Wednesday, February 29, 2012

X-MEN UNLIMITED #24 - September 1999

Search and Destroy
Credits: Joe Pruett (writer), Pascal Alixe (penciler), Koblish, Collazo, Ramos, Pepoy, Czop (inkers), Mark Bernardo (colors), Sharpefont & P. T. (letters)

Summary: An injured Japanese girl is taken to Dr. Cecilia Reyes’ office for treatment. Discovering that the girl was in a plane crash with her father, Cecilia and Wolverine search the woods for survivors. They soon learn that the plane was escaping Japanese authorities, who have accused the girl’s father, Inazo, of selling military secrets. The heroes rescue the survivors from Silver Samurai and his army of soldiers. Cecilia nurses Inazo’s business partner Tokitoshi back to health, only to have him turn on her when it’s revealed that he is the true traitor. Cecilia uses her powers to defend herself, then demands that everyone receive medical attention at her office before Tokitoshi is taken into custody.
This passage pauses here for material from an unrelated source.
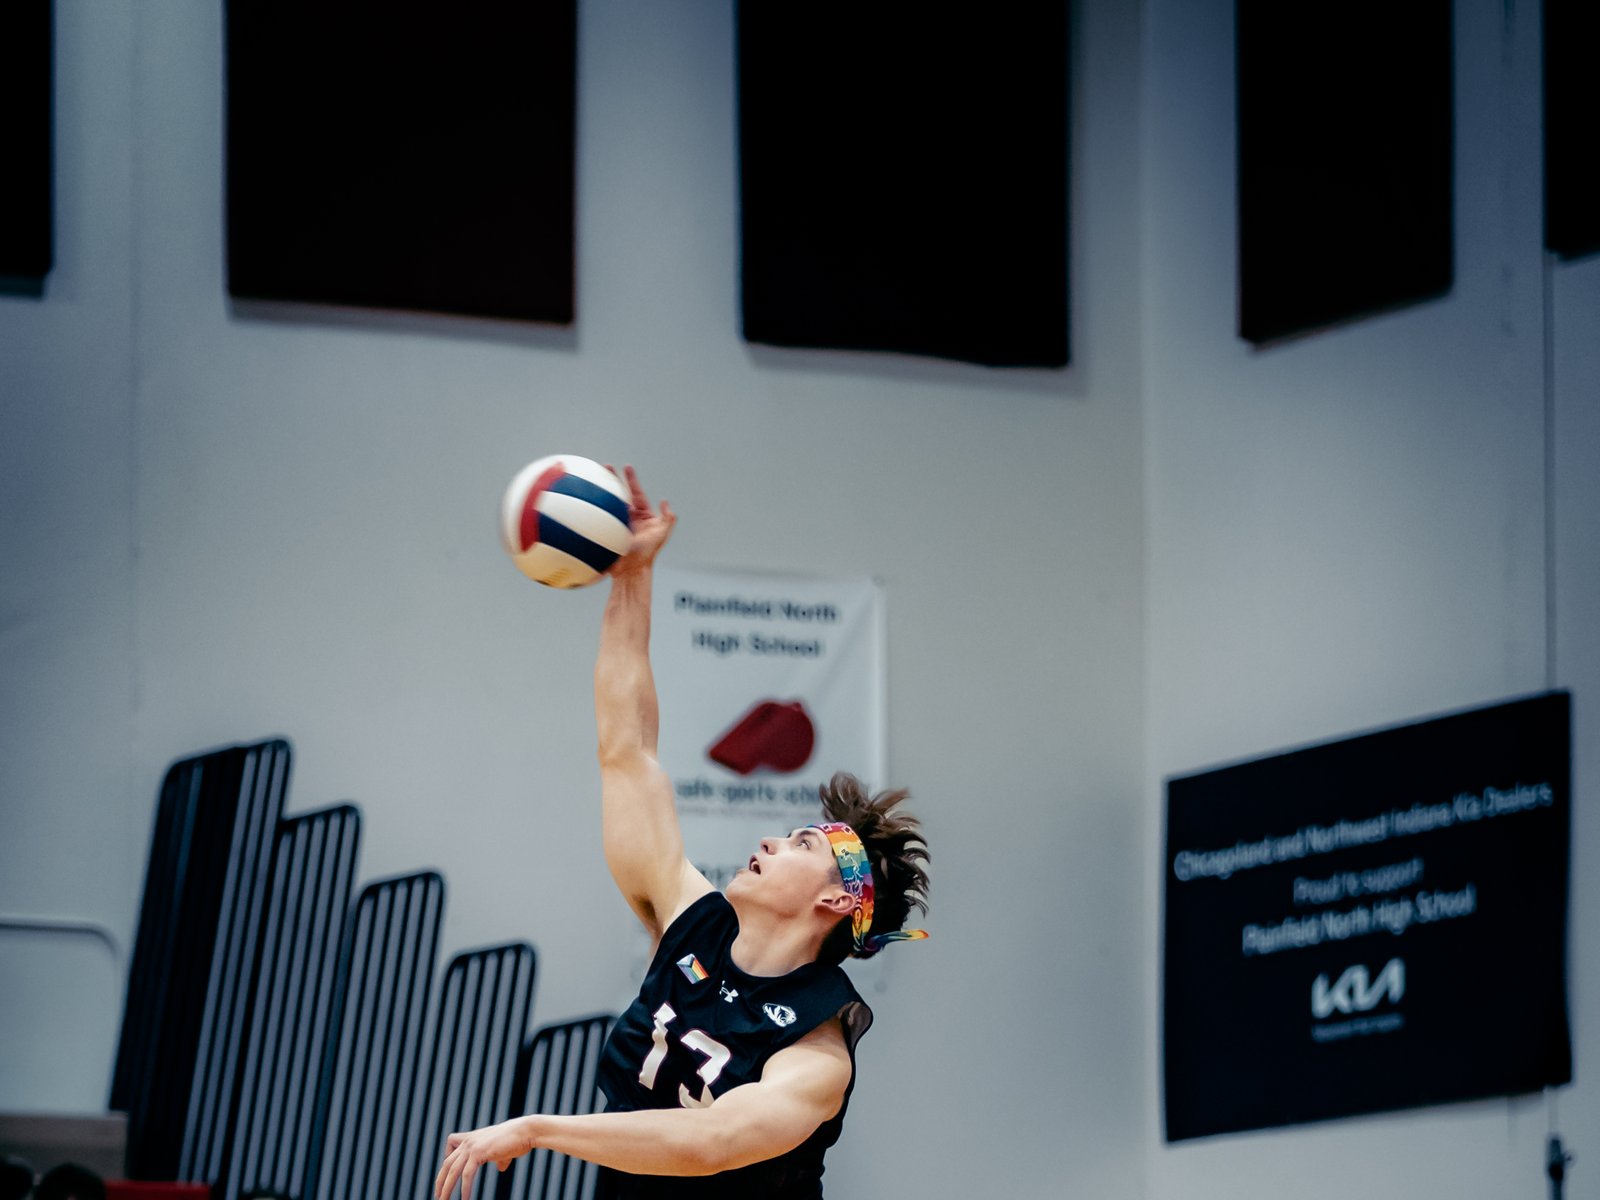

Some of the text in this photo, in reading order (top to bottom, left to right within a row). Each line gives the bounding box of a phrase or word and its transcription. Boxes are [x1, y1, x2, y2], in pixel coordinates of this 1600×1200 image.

[780, 603, 838, 622] North
[691, 631, 821, 656] High School
Continuity Notes: According to Cecilia, her forcefield is an extension of her body that “still sends signals to my brain to alert me to the pain…but it does protect me from bodily harm.” This is the first time that I can recall a story suggesting that Cecilia actually feels pain when objects hit her bio-field. It seems to me that she would’ve been more whiney and obnoxious in her initial appearances if that were the case.
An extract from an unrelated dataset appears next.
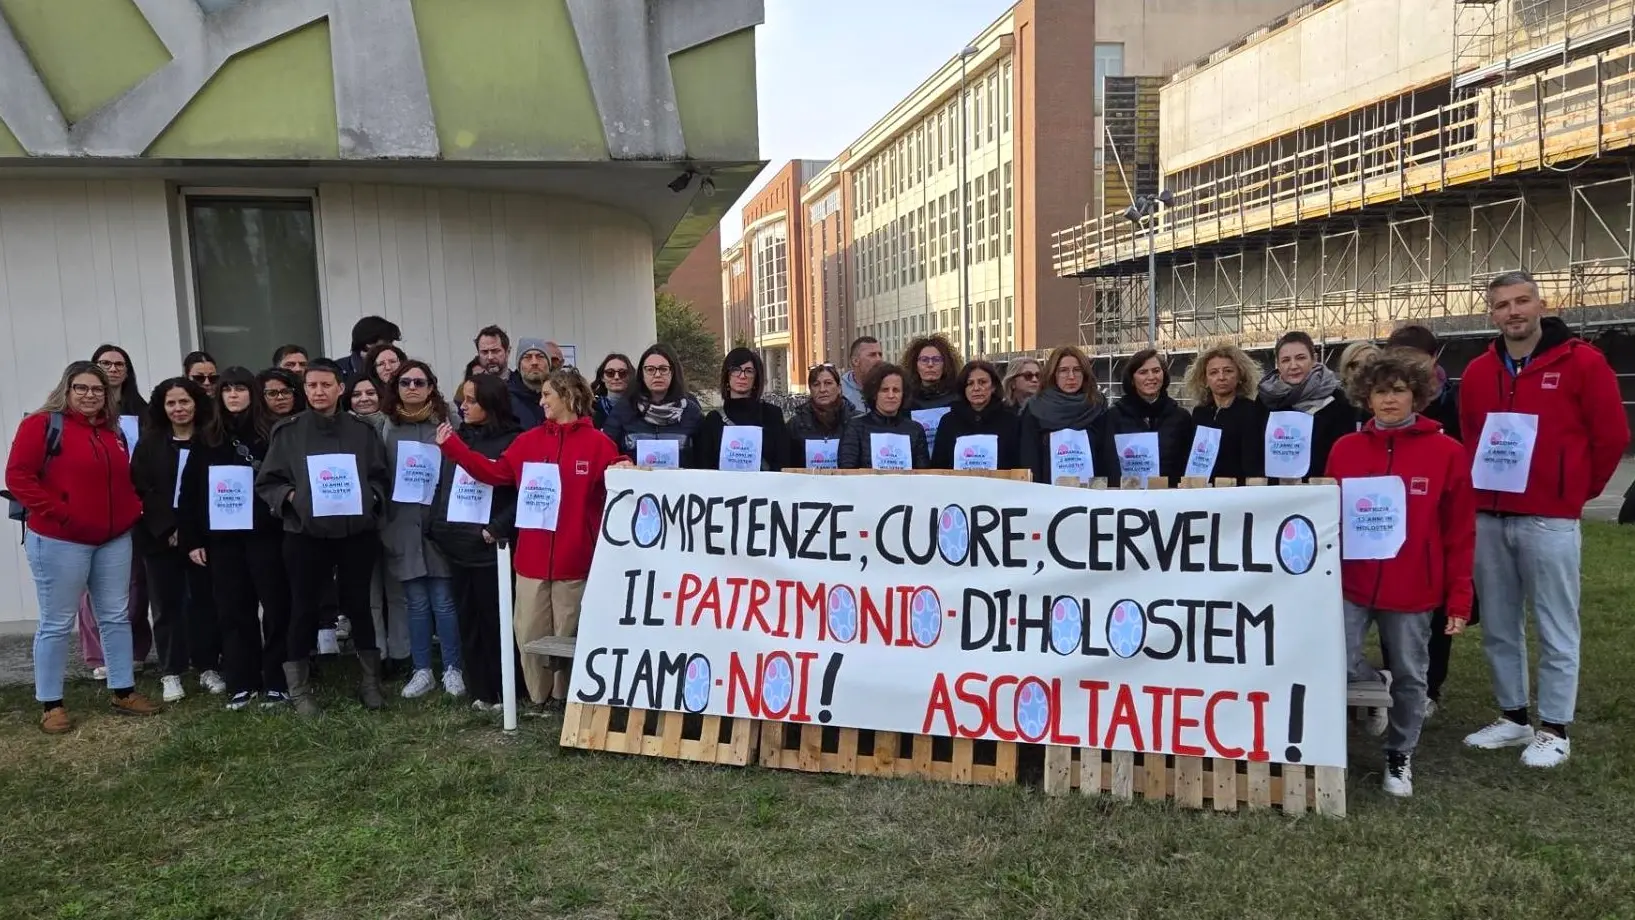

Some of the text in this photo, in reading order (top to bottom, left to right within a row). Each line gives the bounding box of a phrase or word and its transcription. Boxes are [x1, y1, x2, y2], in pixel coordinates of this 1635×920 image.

[619, 569, 1275, 666] IL PATRIMONIO DI HOLOSTEM
[576, 647, 1306, 763] SIAMO NOI! ASCOLTATECI!
Review: Okay, perhaps Magneto Rex wasn’t entirely Joe Pruett’s fault. This isn’t so bad; not that the story isn’t filled with holes (Silver Samurai represents the Japanese government now? Fugitives escape Japan for…its ally, America? Their plane is flying over America’s east coast instead of its west?), but it’s structured well and Pruett manages to write plausible, cliché-free dialogue for most of the issue. It’s also nice to see Cecilia again, given the embarrassing way Marvel forced her out of the book during the previous year. Pruett seems to be hinting at Cecilia’s return to the team, as the story centers around Cecilia finding the inner strength to be the hero Wolverine believes her to be, and ends with a message about the importance of family. (Not that Cecilia’s X-Men “family” seemed too broken up over her departure, but that’s the state of the titles in the late ‘90s.) The art is provided by Pascal Alixe, whose style is about as far away from the Jim Lee and Joe Mad imitators of the day as you can get. His work is a strange amalgam of John Paul Leon and Steve Leialoha, and while it’s not always pretty, I would say it’s a step above X-Men Unlimited’s usual caliber of artists.
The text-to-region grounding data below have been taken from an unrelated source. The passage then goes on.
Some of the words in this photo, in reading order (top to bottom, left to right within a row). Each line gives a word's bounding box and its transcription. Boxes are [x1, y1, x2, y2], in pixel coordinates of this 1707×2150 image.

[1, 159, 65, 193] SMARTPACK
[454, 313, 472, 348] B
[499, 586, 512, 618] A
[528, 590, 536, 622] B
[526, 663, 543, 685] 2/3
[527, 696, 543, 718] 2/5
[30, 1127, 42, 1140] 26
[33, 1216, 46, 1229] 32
Credits: Joe Pruett (writer), Tom Raney (penciler), Holdredge, DeCastro, Perrotta, Martinez (inkers), Mark Bernardo (colors), Sharpefont & P. T. (letters)

Summary: Magneto meets with his cabinet: Quicksilver is given permission to free the Legacy Virus infected Mutates from their camps, Alda Huxley cautions against Genosha’s isolationism, and Phillip Moreau warns of a Magistrate uprising, while Fabian Cortez studies footage of Magneto’s initial appearance in Genosha. Magneto demands he leave the room, and then reflects on his new position.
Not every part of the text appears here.